The seed title of INMERSIONS collection revisits "The New City" by Ludwig Hilberseimer. This unique investigation is a radically modern proposal of territorial colonisation that relied on historical knowledge for justification and remained loyal to the unconditional alliance between the communal spirit of a small city and the pragmatic efficiency of infrastructures.

Originally published in 1944, The New City. Principles of Planning is a work of research that views historical knowledge as a justification for a radically modern proposal of territorial colonisation, unsuspecting of the unconditional alliance between the community spirit of a small city and the pragmatic efficiency of infrastructures. Thanks to the overwhelming conviction of its discourse and the captivating beauty of its images, The New City managed to spur the deep suspicions of the large metropolis characterising American urban development, a suspicion marked by the weight of ideological antecedents and above all the traumatic experience of the war that had turned European cities into catastrophic battle fields.

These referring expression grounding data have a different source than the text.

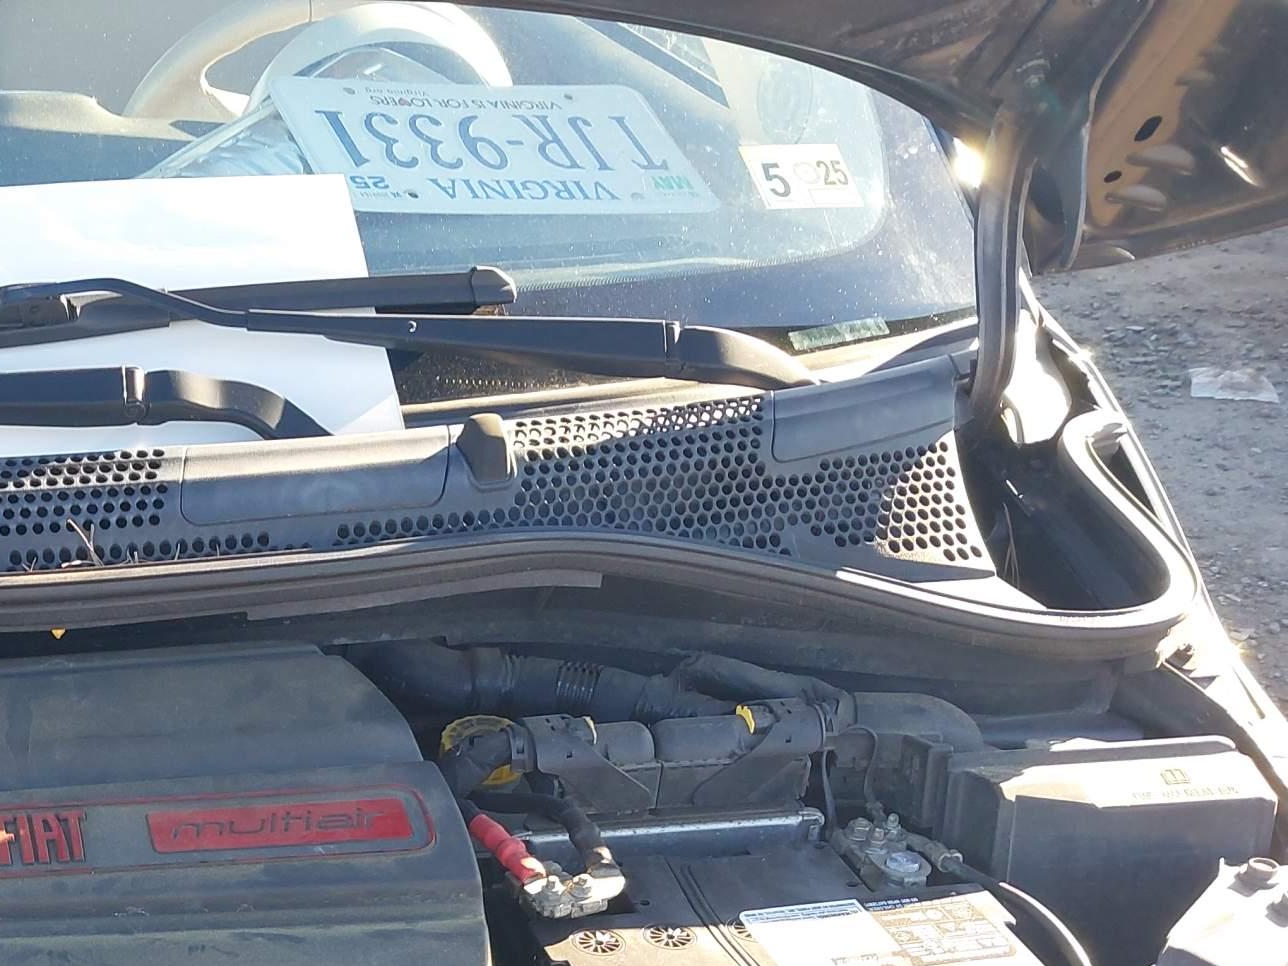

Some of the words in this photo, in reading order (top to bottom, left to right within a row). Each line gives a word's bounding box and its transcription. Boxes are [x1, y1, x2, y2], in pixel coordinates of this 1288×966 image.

[435, 98, 470, 109] FOR
[472, 99, 485, 109] IS
[487, 99, 563, 111] VIRGINIA
[314, 110, 669, 171] TJR-9331
[349, 175, 390, 190] 25
[650, 176, 694, 190] MAY
[761, 162, 791, 198] 5
[815, 160, 849, 186] 25
[428, 177, 622, 201] VIRGINIA
[171, 805, 386, 841] multiair
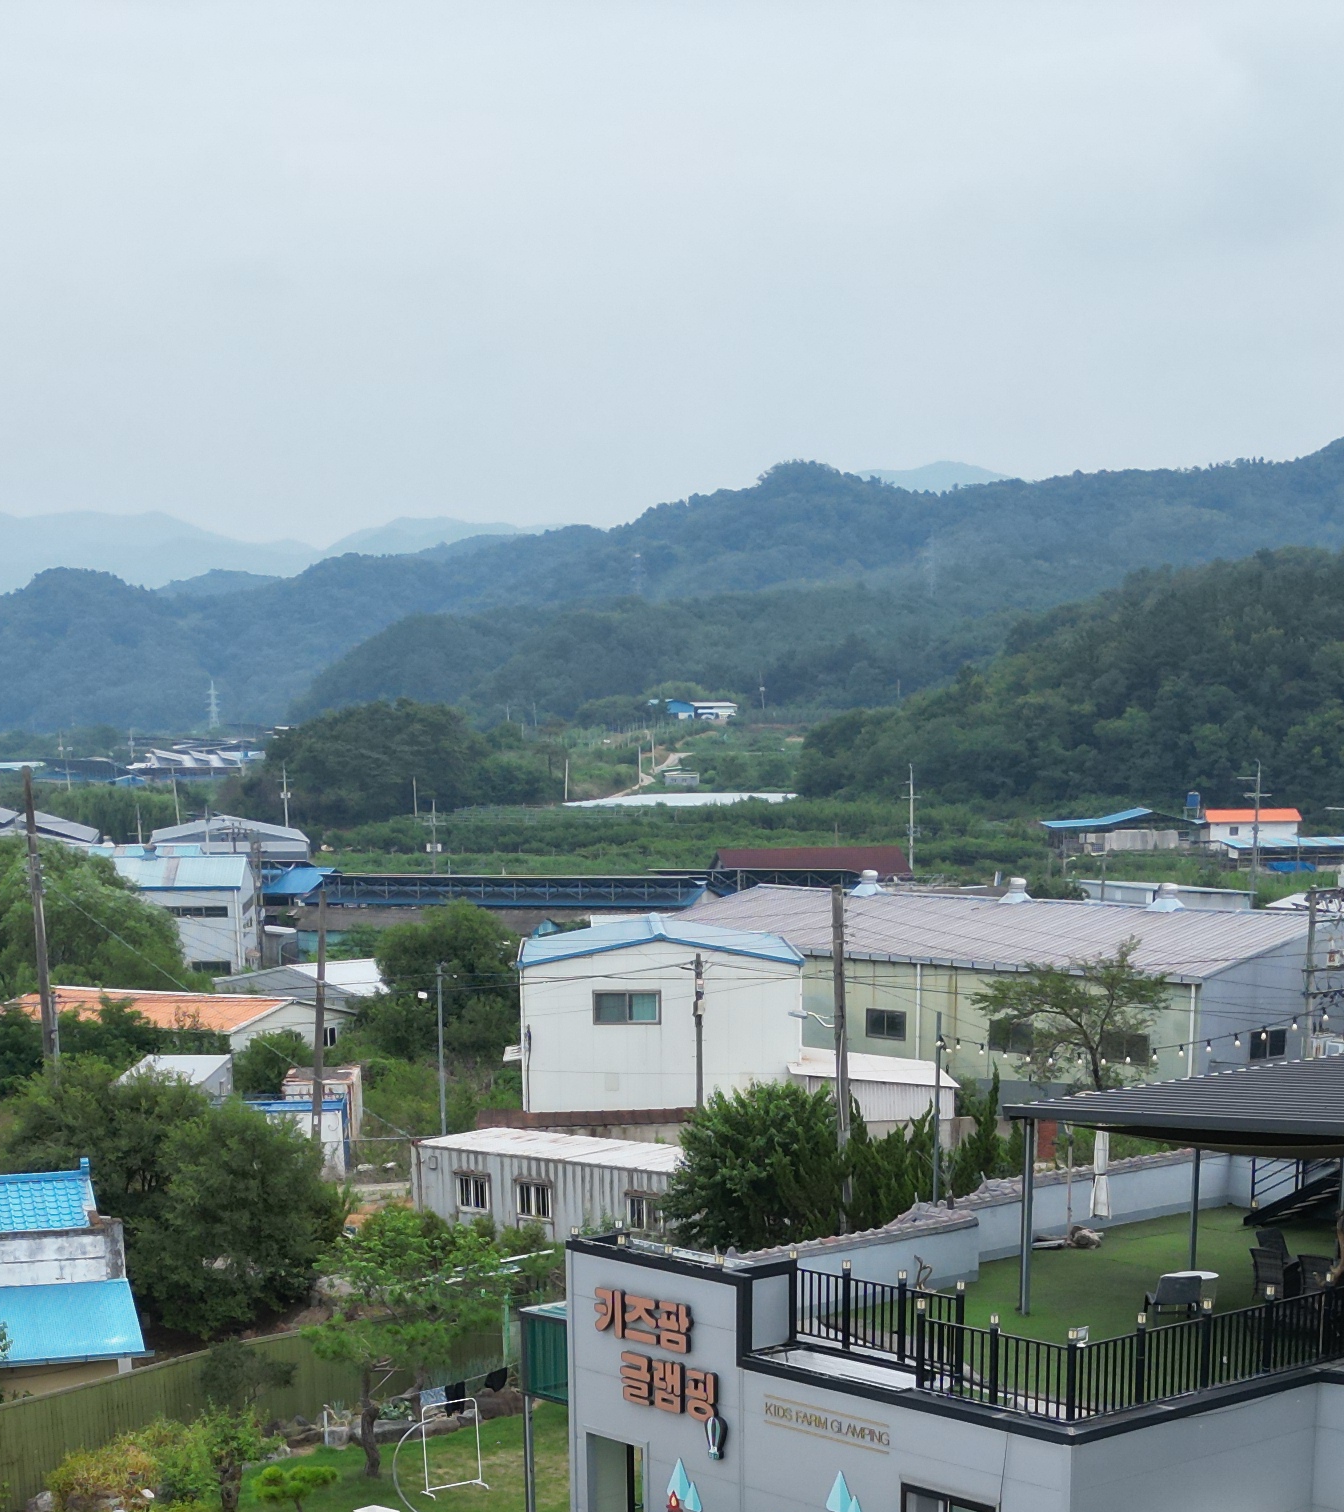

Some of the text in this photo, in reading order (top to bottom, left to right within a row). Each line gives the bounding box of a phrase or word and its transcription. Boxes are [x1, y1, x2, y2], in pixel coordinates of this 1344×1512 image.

[594, 1286, 693, 1354] 키즈팜
[620, 1350, 719, 1422] 글램핑
[764, 1401, 890, 1446] KIDS FARM GLAMPING
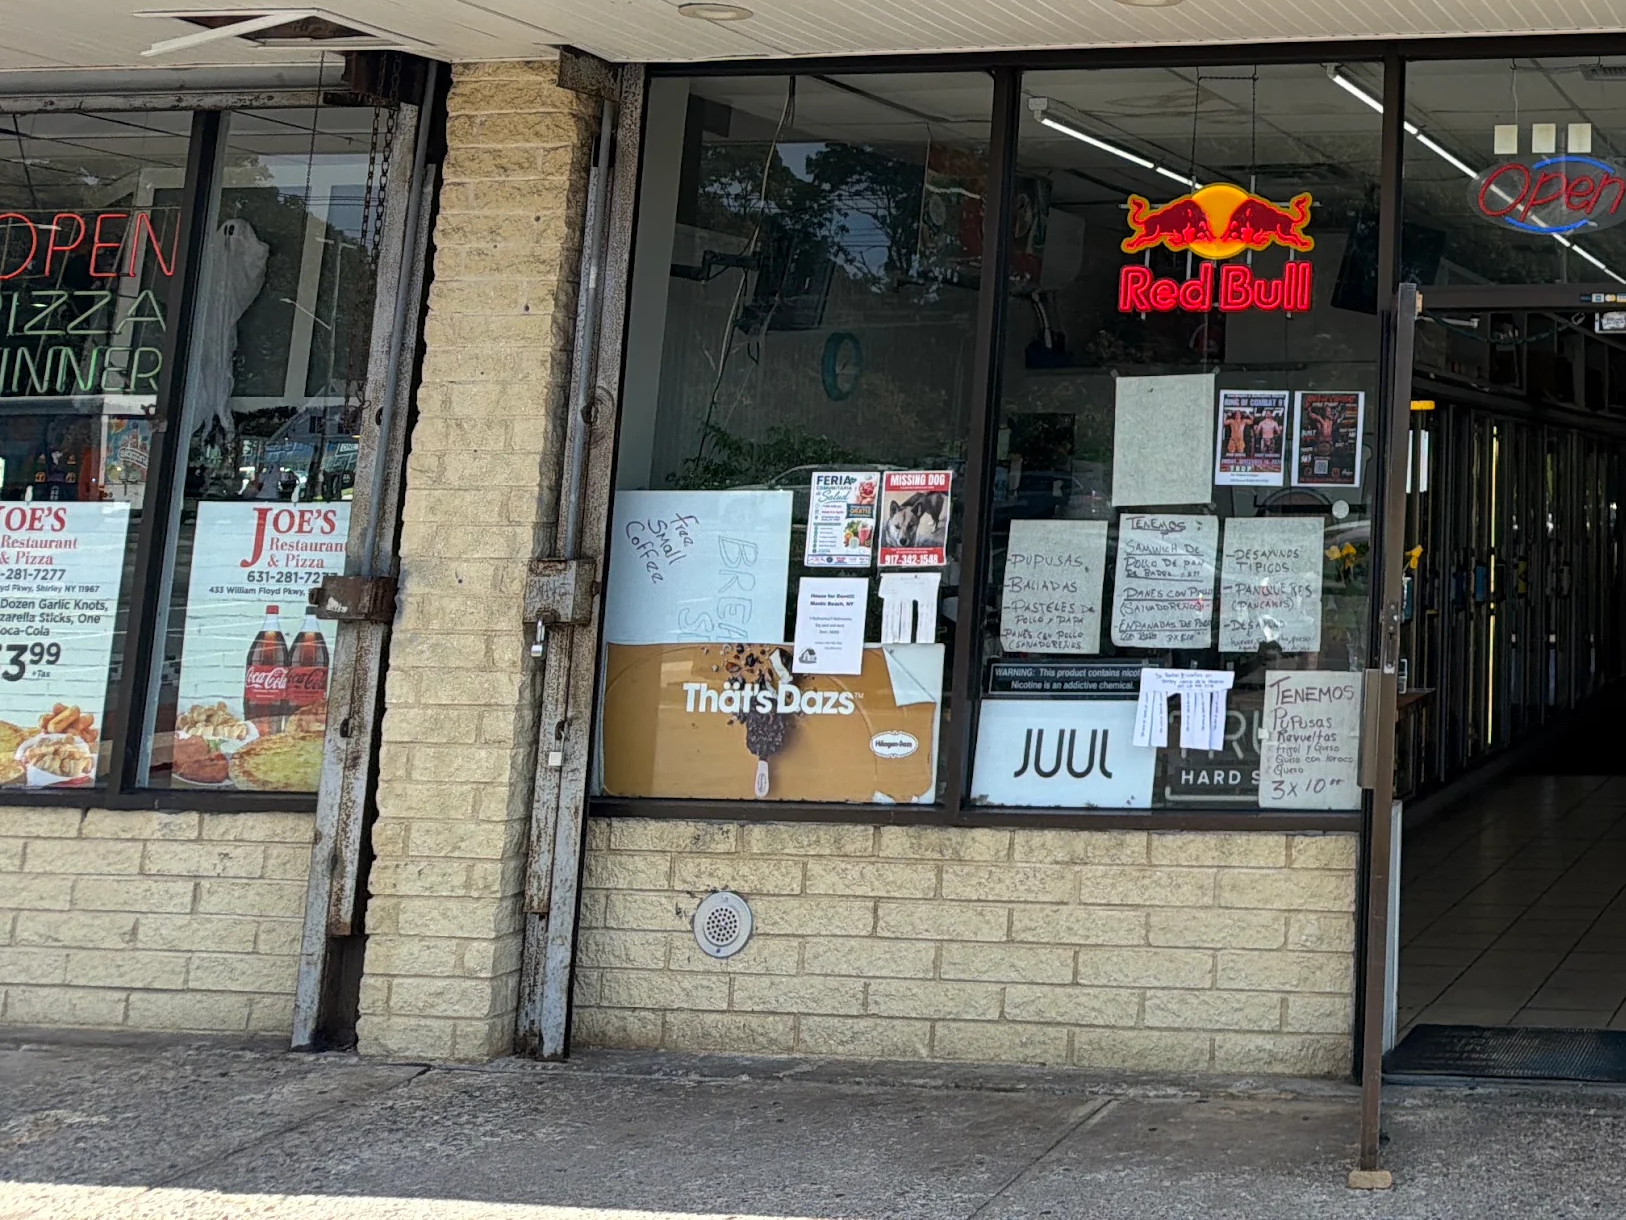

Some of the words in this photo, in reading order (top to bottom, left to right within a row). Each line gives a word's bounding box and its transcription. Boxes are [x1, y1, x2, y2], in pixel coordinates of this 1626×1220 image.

Various references at the proposal of Hilberseimer take us from the book The City: Its Growth, its Decay, its Future (1943) by Eliel Saarinen to Kingo Houses (1957) by Jørn Utzon. All of these share an interest in an organic approach of the city and architecture, accentuating the prevalent and optimistic course of post-war modernity in which the beautiful yet devastating graphite representations of the New City, drawn by Alfred Caldwell, produce a troubling feeling of estrangement halfway between terror and science fiction. Under this pretext, an immersion into the New City provides a unique vision of the warlike interpretation of the suburban model in which a sustainable reading of alimentary self-sufficiency did not clash with the waste of energy in dispersed urban developments. Likewise, the recovery of the prominent role of the pedestrian was not incompatible with the colossal layout of infrastructures.

The objective and positive nature of Hilberseimer’s descriptions does not hinder the scenario of pacific coexistence between city and countryside, which guarantees the success of the civil rebirth of the New City, from going back to that which needs to be conveyed. Therefore, it led to the incorporation of a discourse of fear into the urban theory in the United States, which would later be dealt with in great length by the same author in successful publications throughout the 1950’s within the hysterical context of McCarthysim.